Exercise requirements =
Copy every entry below verbatim, except for images.

-=-=-=-=-

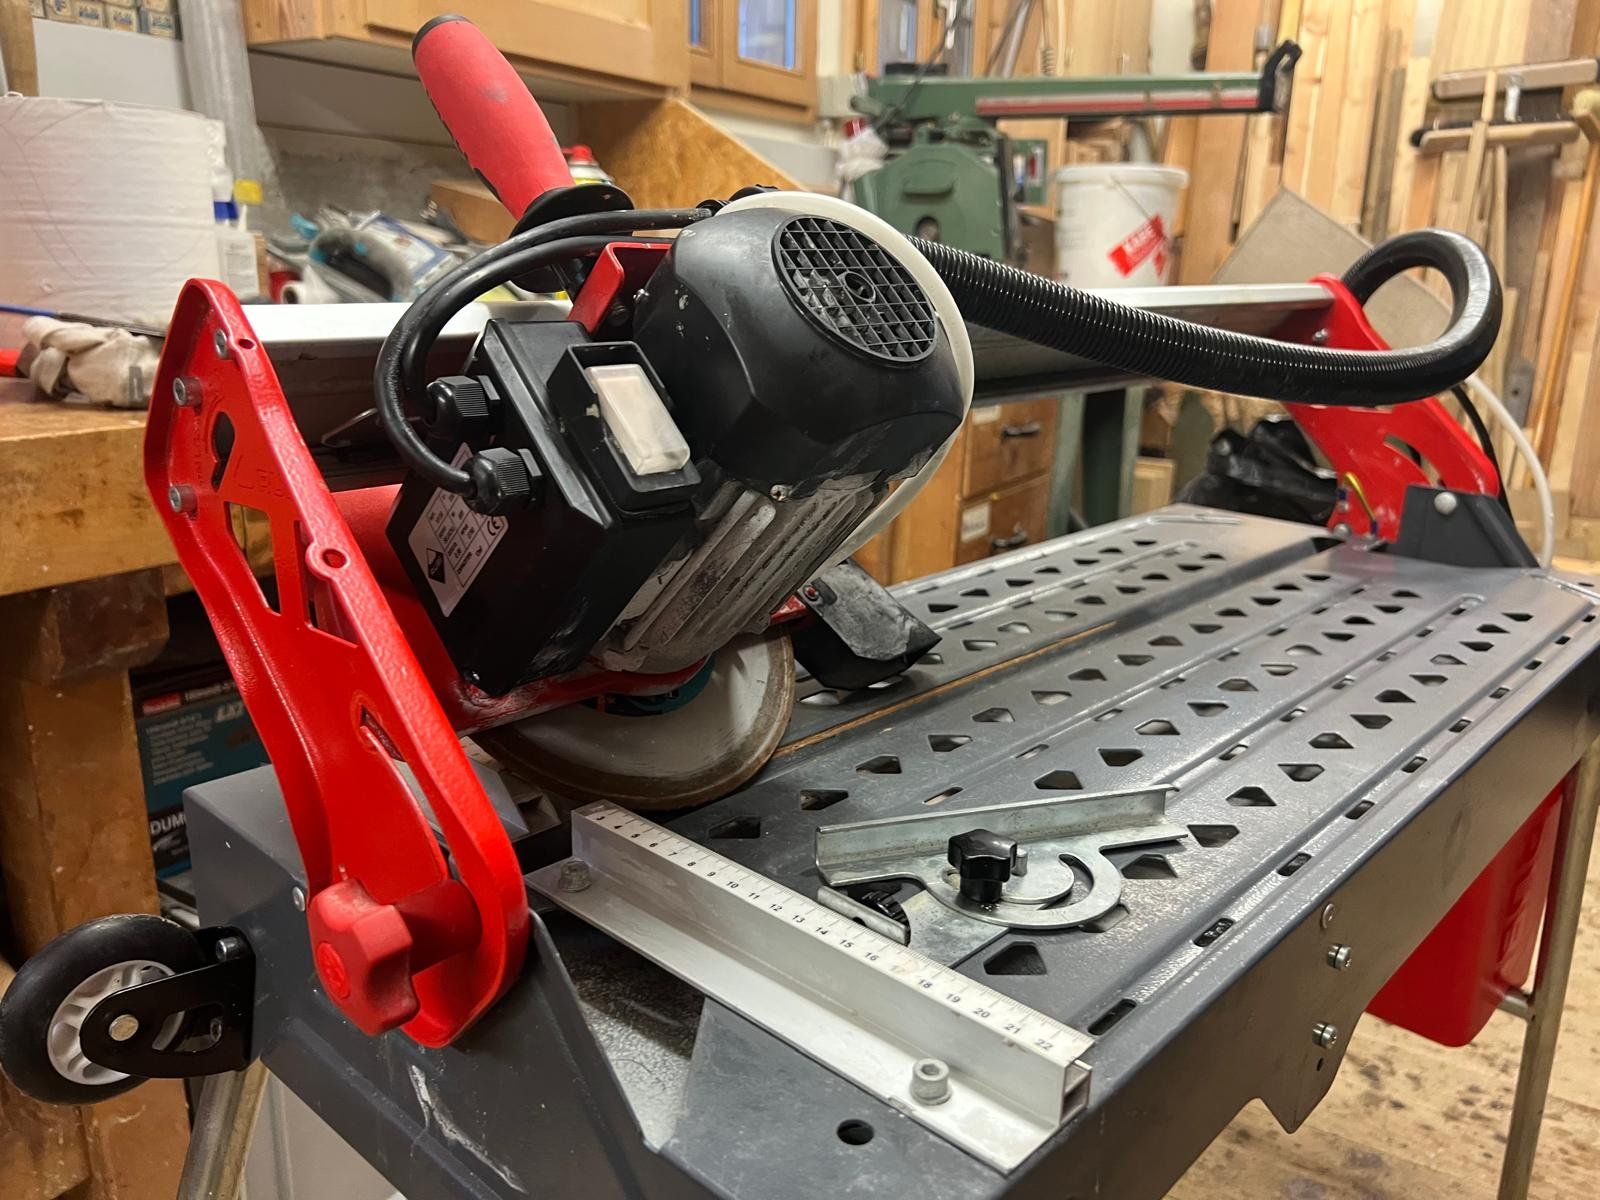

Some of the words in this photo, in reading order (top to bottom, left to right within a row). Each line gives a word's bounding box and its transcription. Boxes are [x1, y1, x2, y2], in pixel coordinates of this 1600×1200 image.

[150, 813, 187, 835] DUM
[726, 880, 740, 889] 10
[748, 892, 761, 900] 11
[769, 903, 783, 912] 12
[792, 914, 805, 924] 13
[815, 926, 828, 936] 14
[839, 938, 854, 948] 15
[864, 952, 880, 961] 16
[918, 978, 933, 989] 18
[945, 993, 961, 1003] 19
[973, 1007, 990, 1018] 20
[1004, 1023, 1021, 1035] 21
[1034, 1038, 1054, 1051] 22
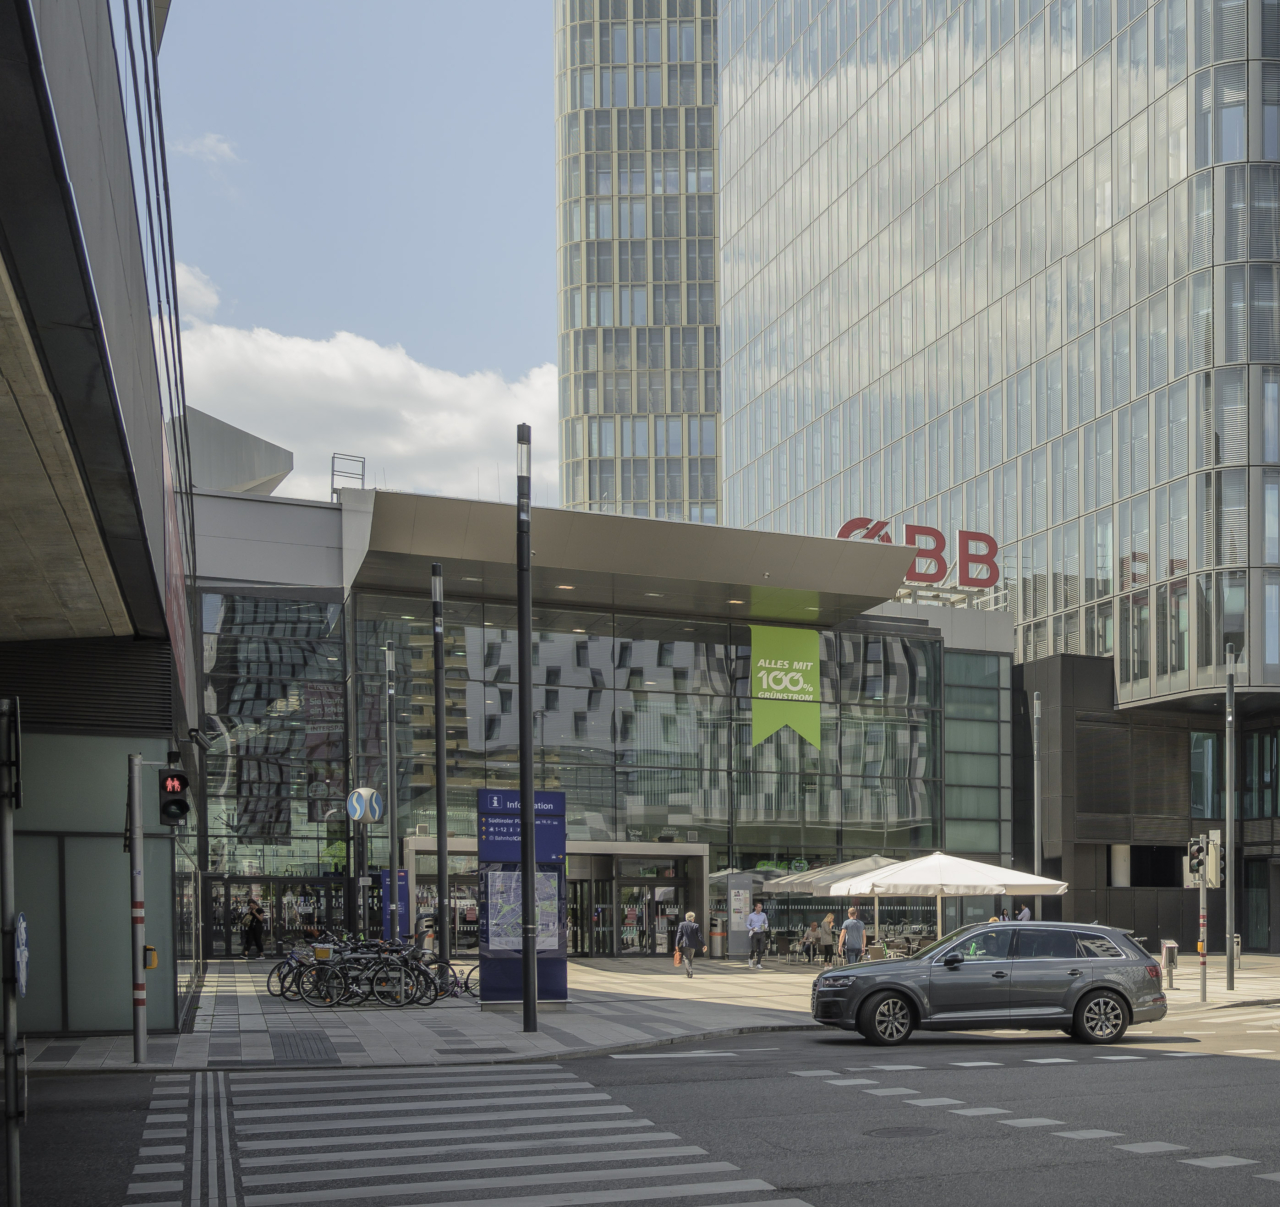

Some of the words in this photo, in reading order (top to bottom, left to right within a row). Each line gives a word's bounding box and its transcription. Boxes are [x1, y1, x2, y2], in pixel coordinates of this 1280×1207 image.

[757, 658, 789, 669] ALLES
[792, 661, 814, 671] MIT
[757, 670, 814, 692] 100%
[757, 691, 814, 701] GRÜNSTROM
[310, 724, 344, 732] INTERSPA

-=-=-=-=-

Task solution =
Some of the words in this photo, in reading order (top to bottom, left to right within a row). Each line gives a word's bounding box and its transcription. Boxes are [x1, y1, x2, y2], in pixel coordinates of this 1600×1200 image.

[150, 813, 187, 835] DUM
[726, 880, 740, 889] 10
[748, 892, 761, 900] 11
[769, 903, 783, 912] 12
[792, 914, 805, 924] 13
[815, 926, 828, 936] 14
[839, 938, 854, 948] 15
[864, 952, 880, 961] 16
[918, 978, 933, 989] 18
[945, 993, 961, 1003] 19
[973, 1007, 990, 1018] 20
[1004, 1023, 1021, 1035] 21
[1034, 1038, 1054, 1051] 22

Some of the words in this photo, in reading order (top to bottom, left to right within a row). Each line gives a word's bounding box and its transcription. Boxes are [x1, y1, x2, y2], in pixel coordinates of this 1280×1207 image.

[757, 658, 789, 669] ALLES
[792, 661, 814, 671] MIT
[757, 670, 814, 692] 100%
[757, 691, 814, 701] GRÜNSTROM
[310, 724, 344, 732] INTERSPA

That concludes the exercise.